Flat. Sync + payments + POS ops in one plugin.
Sync plugin at your tier + separate payment plugin.
At 800 orders/mo averaging $45 (about $36,000 monthly GMV):
The stacks are close on subscription cost at this volume. CloverWoo adds auto-print, tipping, customer sync, and one support surface.
Estimates only. QuickSync tiers and Kestrel pricing are based on public information and may vary. This tool excludes card-processing fees, which apply on any gateway.
Most Clover-to-WooCommerce stacks split sync and payments across two plugins, which means two subscription line items every month. QuickSync charges a tiered monthly fee that scales with order volume — roughly $19/mo for the entry tier (up to ~500 orders), $49/mo for the middle tier (up to ~2,000 orders), and around $99/mo at higher volumes. Those tiers are sync-only; QuickSync doesn't process card payments on the WooCommerce side.
To actually charge cards online, merchants on QuickSync also pay for a Clover payment gateway plugin. Kestrel is one of the more popular options, sold as a low-cost annual license that amortizes to roughly $10/mo. Adding the two together gives the “sync + payments” total this calculator compares against.
CloverWoo bundles both sides into a single $60/month plan with no order-volume gates. As order volume grows, the QuickSync stack's tiered pricing creeps up, while CloverWoo stays flat. Most merchants we talk to find that CloverWoo is at parity or cheaper above ~800 orders/month, and gets cheaper from there.

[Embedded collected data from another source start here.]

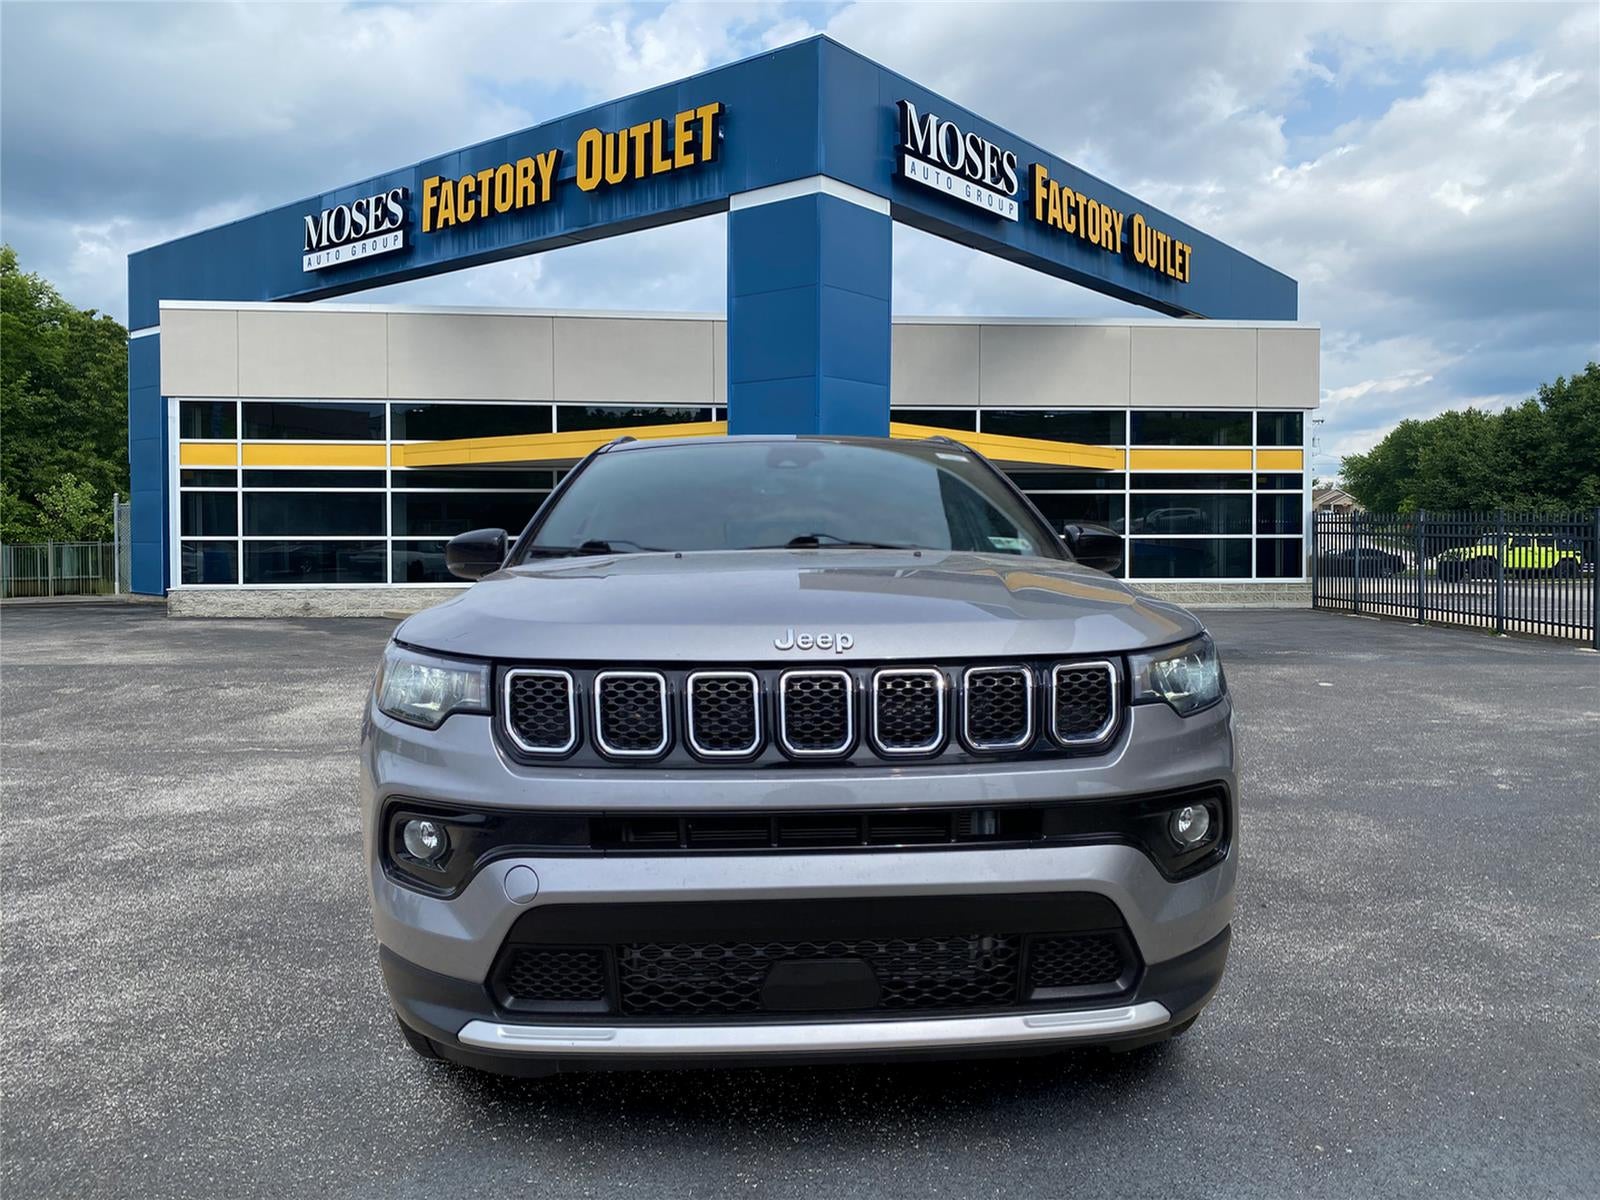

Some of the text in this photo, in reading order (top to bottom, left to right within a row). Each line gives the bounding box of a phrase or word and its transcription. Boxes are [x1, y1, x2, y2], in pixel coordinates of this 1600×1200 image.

[904, 100, 1019, 196] MOSES
[910, 161, 1015, 214] AUTO GROUP
[303, 187, 404, 251] MOSES
[307, 234, 399, 268] AUTO GROUP
[774, 627, 855, 654] Jeep
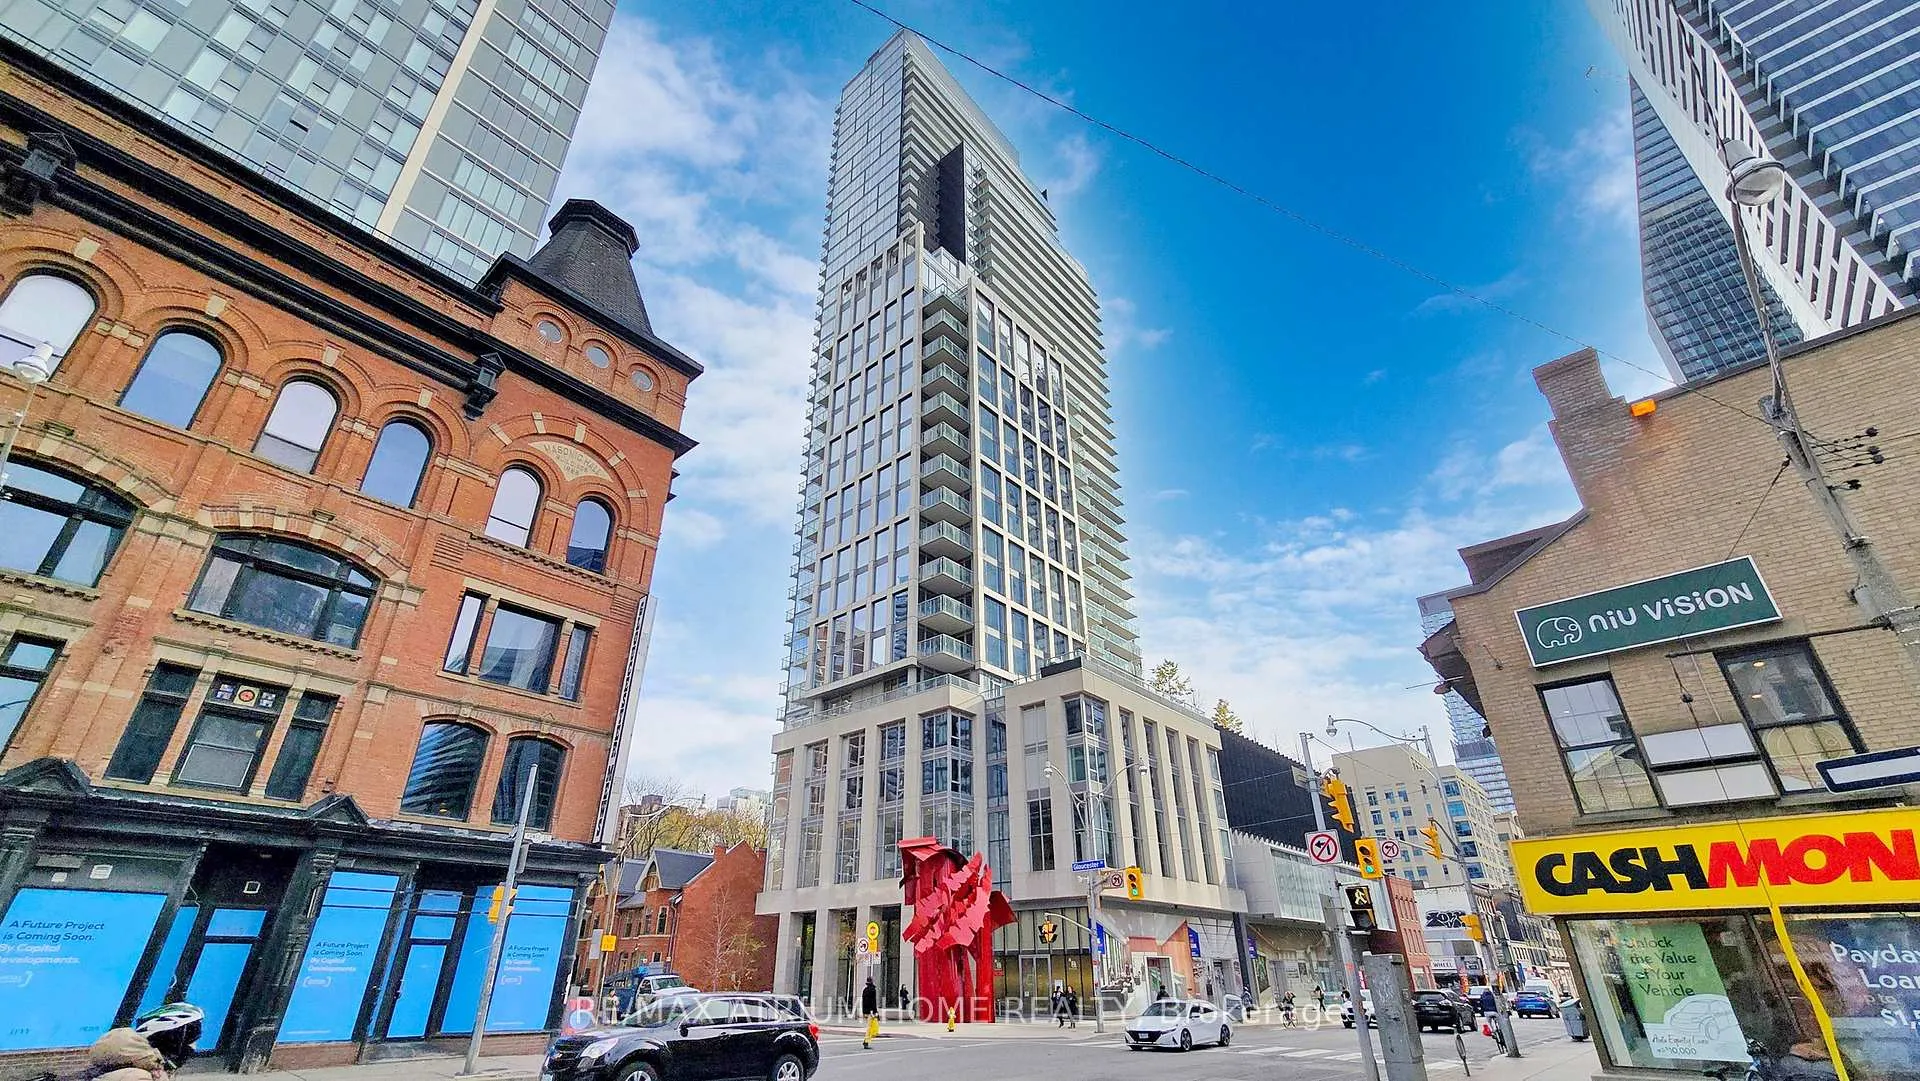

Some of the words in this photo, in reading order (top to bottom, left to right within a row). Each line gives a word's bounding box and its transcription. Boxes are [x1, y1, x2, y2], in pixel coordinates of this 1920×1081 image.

[544, 444, 584, 462] MASONIC
[1073, 861, 1100, 870] Gloucester
[1534, 844, 1710, 896] CASH
[9, 921, 20, 929] A
[22, 921, 63, 929] Future
[64, 922, 105, 930] Project
[16, 932, 62, 943] Coming
[17, 944, 61, 953] Capital
[0, 957, 80, 965] evelopments.
[1655, 952, 1697, 964] Value
[1650, 968, 1685, 980] Your
[1639, 984, 1696, 997] Vehicle

The calculator above ignores card-processing fees on purpose. Those apply equally to any gateway routed through your Clover merchant account, so they cancel out of any like-for-like comparison. What it captures is the part you can actually move with a buying decision: subscription cost.
Even if subscription costs match, running two plugins means two support queues, two update cycles, and two places data can desync. CloverWoo's single-plugin model is structurally simpler — which usually shows up as fewer Friday-evening outages.